The lush lawns of the All England Club and the hard courts of the USTA Billie Jean King Tennis Center in New York may feel like worlds apart, but for the current generation of male players the task of bridging the gap between Wimbledon and the US Open is clearly achievable.
If Roger Federer can follow up his Wimbledon triumph of last month with victory at Flushing Meadows over the next fortnight it will be the eighth time in the last 14 years that a man has achieved that particular double.
Garbine Muguruza will also be attempting to complete a Wimbledon-New York double, though recent evidence suggests it has been a more challenging task for the leading women. Since Serena Williams backed up her first Wimbledon title in 2002 with victory in the US Open two months later, the feat has been repeated only once by a woman, by Williams herself in 2012.
Federer is the only man in history to have done this particular double four times. He did it every year between 2004 and 2007 during a period in which he utterly dominated the men’s game. At that time his run of success at the highest level was generally broken only by Rafael Nadal’s triumphs on clay at the French Open.
Nadal himself did the Wimbledon-US Open double in 2010, while Novak Djokovic has done it twice, in 2011 and 2015. Djokovic is one of eight players – alongside Bill Tilden (1920 and 1921), Fred Perry (1934 and 1936), Donald Budge (1937 and 1938), Rod Laver (1962 and 1969), Jimmy Connors (1974 and 1982), John McEnroe (1981 and 1984) and Pete Sampras (1993 and 1995) – to have performed the feat twice, but Federer is the only player to have done it four times.
The first man to do the double was Britain’s Laurie Doherty, who won the gentlemen’s singles title at The Championships five years in a row between 1902 and 1906.
When he retained his Wimbledon title in 1903 Doherty had to win only one match, against Frank Riseley in the Challenge Road. In the US Nationals that year Doherty beat William Larned in the final to become the first man ever to win a Grand Slam singles trophy outside his own country. In 1920 Bill Tilden became the second man to win both tournaments in the same year.

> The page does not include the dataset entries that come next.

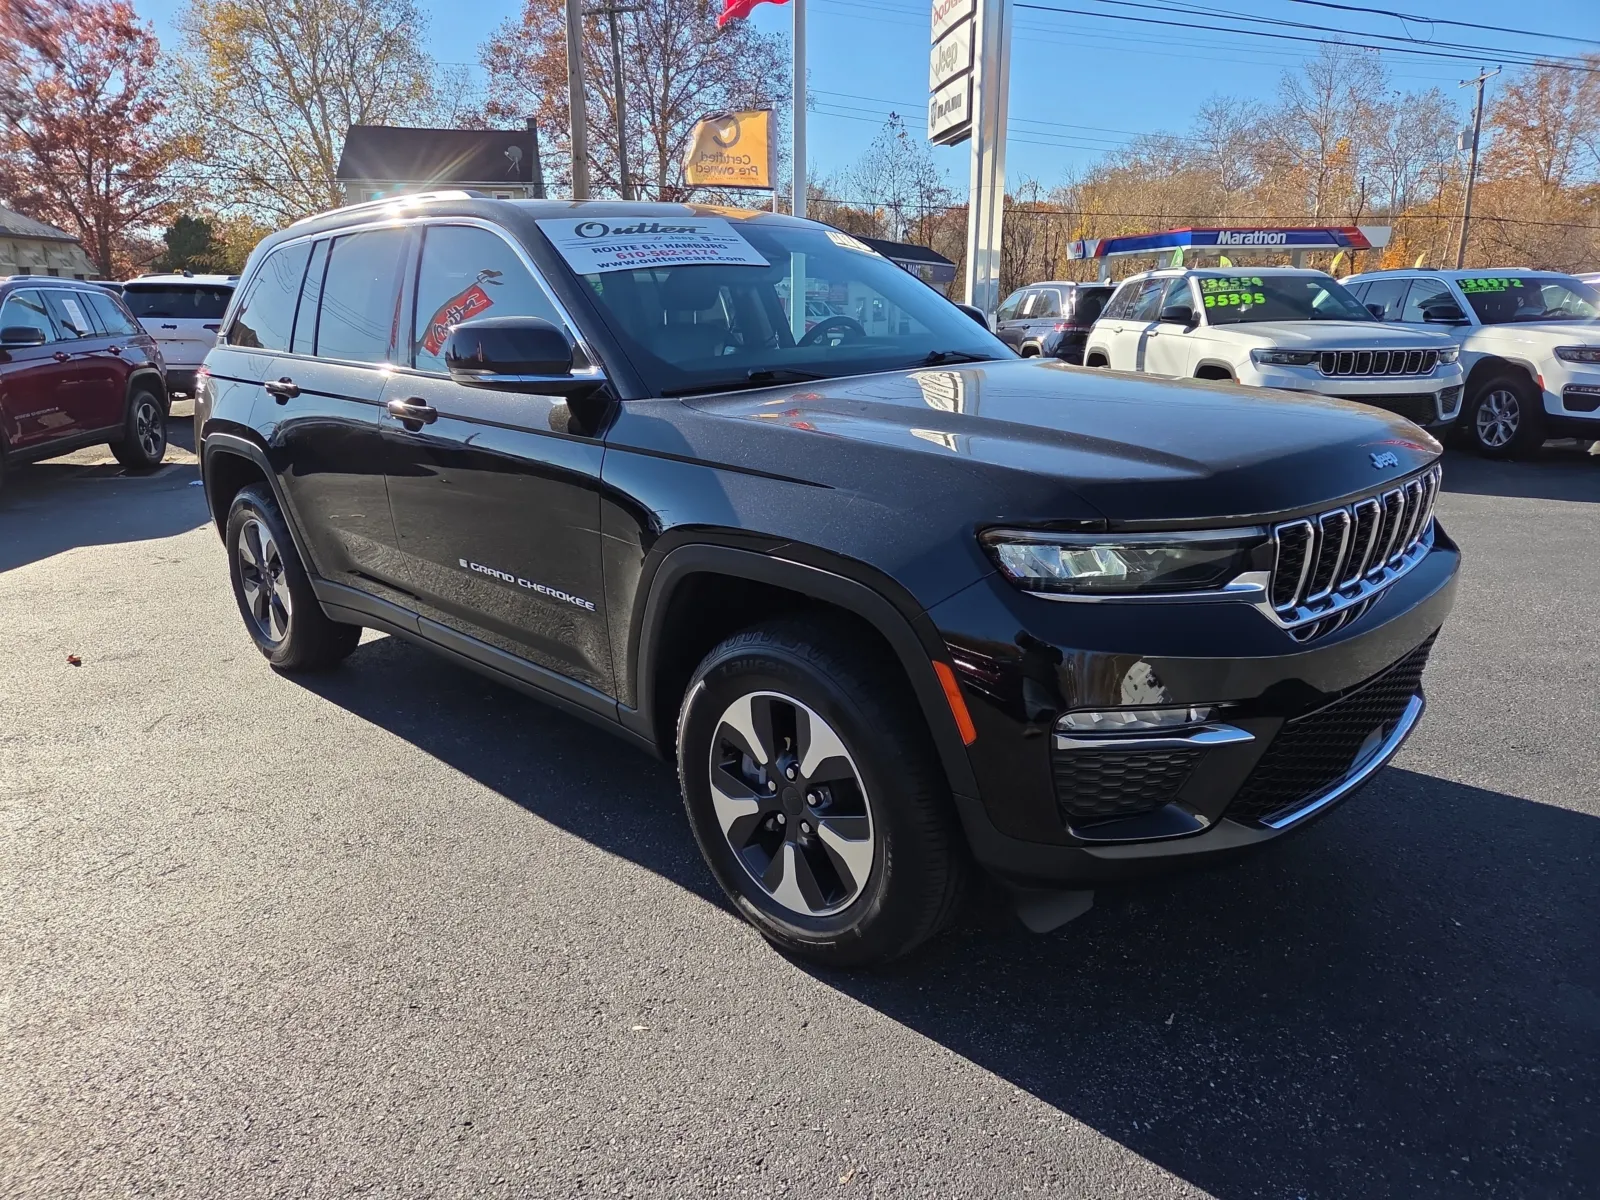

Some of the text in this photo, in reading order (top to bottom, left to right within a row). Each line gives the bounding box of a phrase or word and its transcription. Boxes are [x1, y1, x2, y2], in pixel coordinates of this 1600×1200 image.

[933, 0, 963, 27] DODG
[935, 42, 958, 77] Jeep
[937, 93, 962, 119] RAM
[574, 222, 697, 238] Outten
[1216, 230, 1287, 245] Marathon
[591, 244, 640, 254] ROUTE
[616, 249, 719, 260] 610-562-5174
[597, 256, 747, 269] www.outtencars.com
[1204, 292, 1266, 308] 35395
[1369, 451, 1399, 469] Jeep
[470, 562, 596, 612] GRAND CHEROKEE
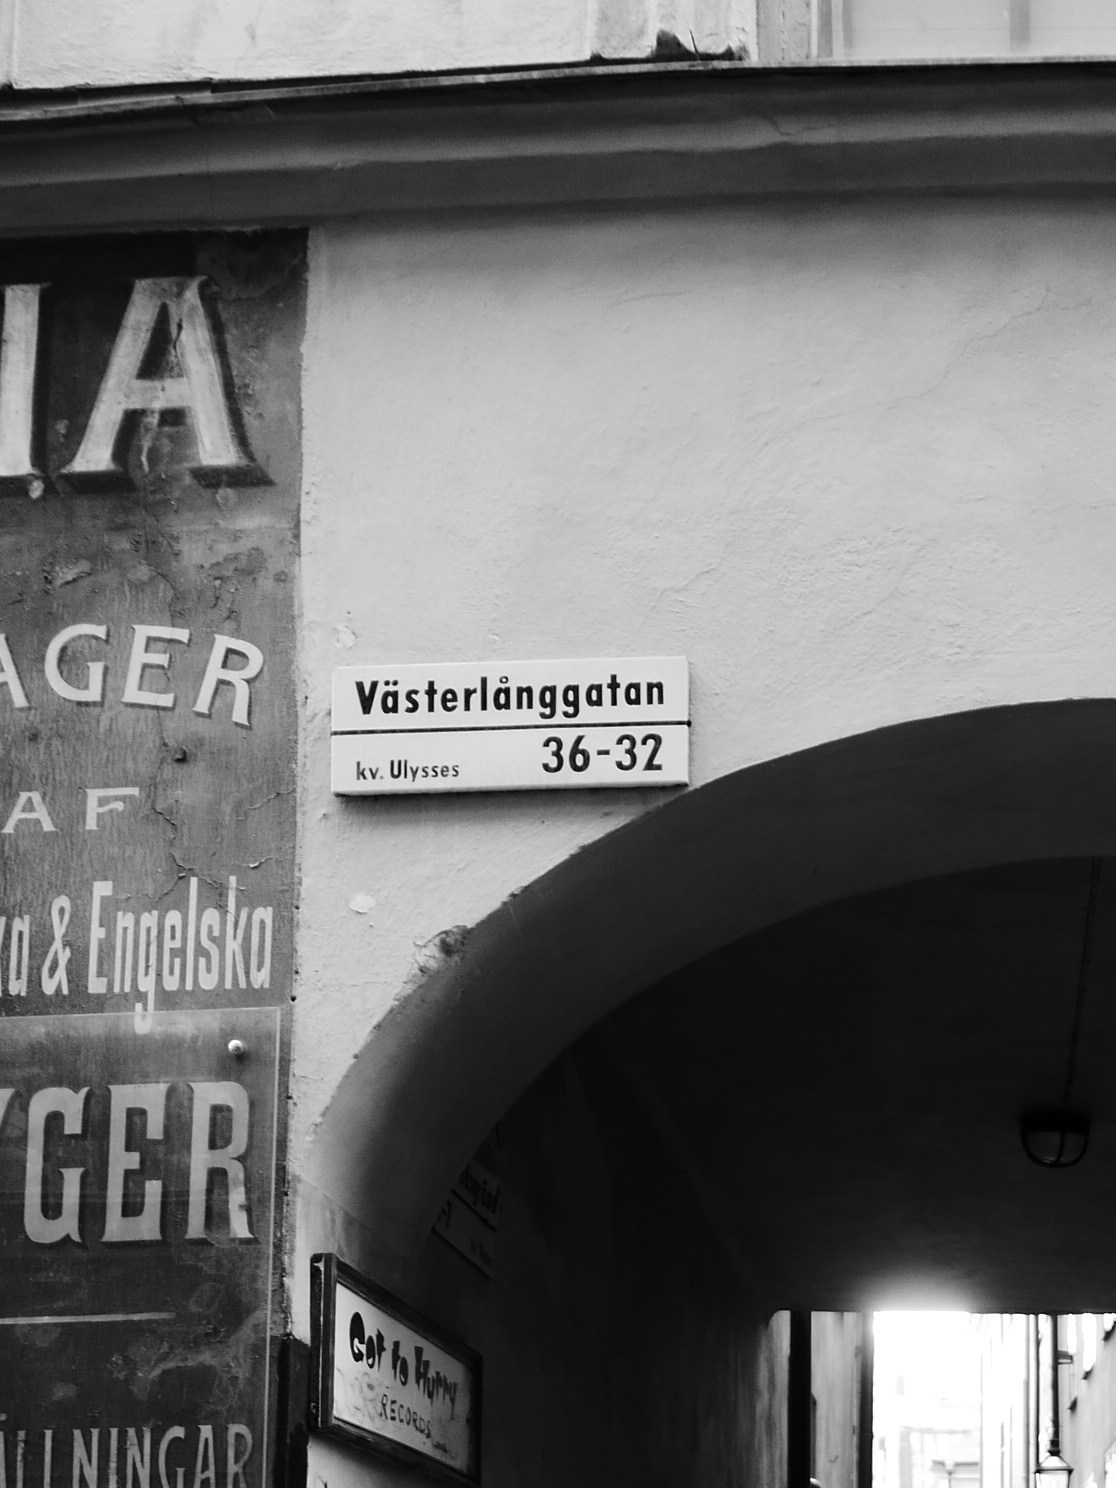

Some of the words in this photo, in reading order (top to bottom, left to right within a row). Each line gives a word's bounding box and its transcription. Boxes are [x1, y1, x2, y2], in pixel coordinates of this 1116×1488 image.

[355, 674, 665, 720] Västerlånggatan
[356, 760, 384, 781] kv.
[390, 759, 460, 782] Ulysses
[541, 733, 663, 774] 36-32
[41, 894, 72, 995] &
[88, 876, 273, 1034] Engelska
[0, 1081, 256, 1244] GER
[380, 1393, 432, 1440] RECORDS

It was not until 1927 that Helen Wills became the first player to win the ladies’ singles title at The Championships and to triumph on the other side of the Atlantic in the same year.

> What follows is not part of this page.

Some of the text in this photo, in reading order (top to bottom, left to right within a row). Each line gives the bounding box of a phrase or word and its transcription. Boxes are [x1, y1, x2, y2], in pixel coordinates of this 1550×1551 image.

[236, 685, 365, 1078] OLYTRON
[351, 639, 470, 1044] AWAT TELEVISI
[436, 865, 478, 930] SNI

May Sutton had been the first woman to win both titles but did so in different years, claiming the US title at the age of 17 in 1904 and then winning at The Championships at the first attempt the following year without dropping a set. She beat Dorothea Douglass in the Challenge Round.

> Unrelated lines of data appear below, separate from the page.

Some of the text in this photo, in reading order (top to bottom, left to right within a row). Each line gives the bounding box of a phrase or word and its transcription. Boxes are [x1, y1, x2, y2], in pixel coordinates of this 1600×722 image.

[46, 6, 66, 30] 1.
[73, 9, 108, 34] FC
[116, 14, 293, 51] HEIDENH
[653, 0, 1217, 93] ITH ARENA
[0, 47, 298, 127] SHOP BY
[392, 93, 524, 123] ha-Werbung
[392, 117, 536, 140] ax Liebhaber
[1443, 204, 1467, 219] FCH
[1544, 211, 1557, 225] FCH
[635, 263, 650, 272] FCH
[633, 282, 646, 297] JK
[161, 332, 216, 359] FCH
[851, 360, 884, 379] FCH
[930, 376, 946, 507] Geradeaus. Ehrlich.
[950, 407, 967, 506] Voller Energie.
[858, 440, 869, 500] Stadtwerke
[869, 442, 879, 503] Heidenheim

Wills had already won her own national title three times when she won the ladies’ singles at The Championships for the first time in 1927. Britain’s Gwen Sterry took a set off Wills in the first round at the All England Club but thereafter the American won all her matches in straight sets, beating Spain’s Lili de Alvarez in the final. Later in the summer Wills completed the Wimbledon-US double, beating Britain’s Betty Nuthall in the final.
In nine appearances at The Championships between 1924 and 1938 Wills lost only one ladies’ singles match, to Britain’s Kitty McKane in the final in her debut year in 1924. She won the title eight times and no player in the history of The Championships can match her record of 50 consecutive singles victories.
By the 1930s the Wimbledon-US double had almost become commonplace. Perry and Budge did it twice, while Wills did it again in both 1928 and 1929. However, the only other woman to do the double before the war was Alice Marble, who had a remarkable year at The Championships in 1939. The American beat Britain’s Kay Stammers in the singles final and teamed up with Sarah Fabyan to win the doubles and with Bobby Riggs to take the mixed title.
Since the Second World War the double has become less of a rarity. The gentlemen’s singles winner at The Championships has gone on to win the US title 23 more times, while the ladies’ singles champion has won it 27 more times.
Maureen Connolly (1952 and 1953), Althea Gibson (1957 and 1958), Margaret Court (1965 and 1970), Billie Jean King (1967 and 1972), Venus Williams (2000 and 2001) and Serena Williams (2002 and 2012) all did the double twice, but the most prolific winners were Martina Navratilova and Steffi Graf.
Navratilova did the double four times in five years (1983, 1984, 1986 and 1987), while Steffi Graf did it five times (in 1988, 1989, 1993, 1995 and 1996), which is more than any player in history.
The first man to complete a “double double” of the Wimbledon and US titles was Laver, who became the only man in history to complete two pure Grand Slams - winning all four major titles in the same year – when he swept the board in both 1962 and 1969.
Connors, McEnroe, Sampras and Djokovic went on to do the double twice, while Federer now has the chance to match Graf’s record of five Wimbledon-US doubles in the same year. Given what the 36-year-old Swiss has achieved this year, it would amount to one of the greatest triumphs in tennis history if he can keep on winning for one more tournament.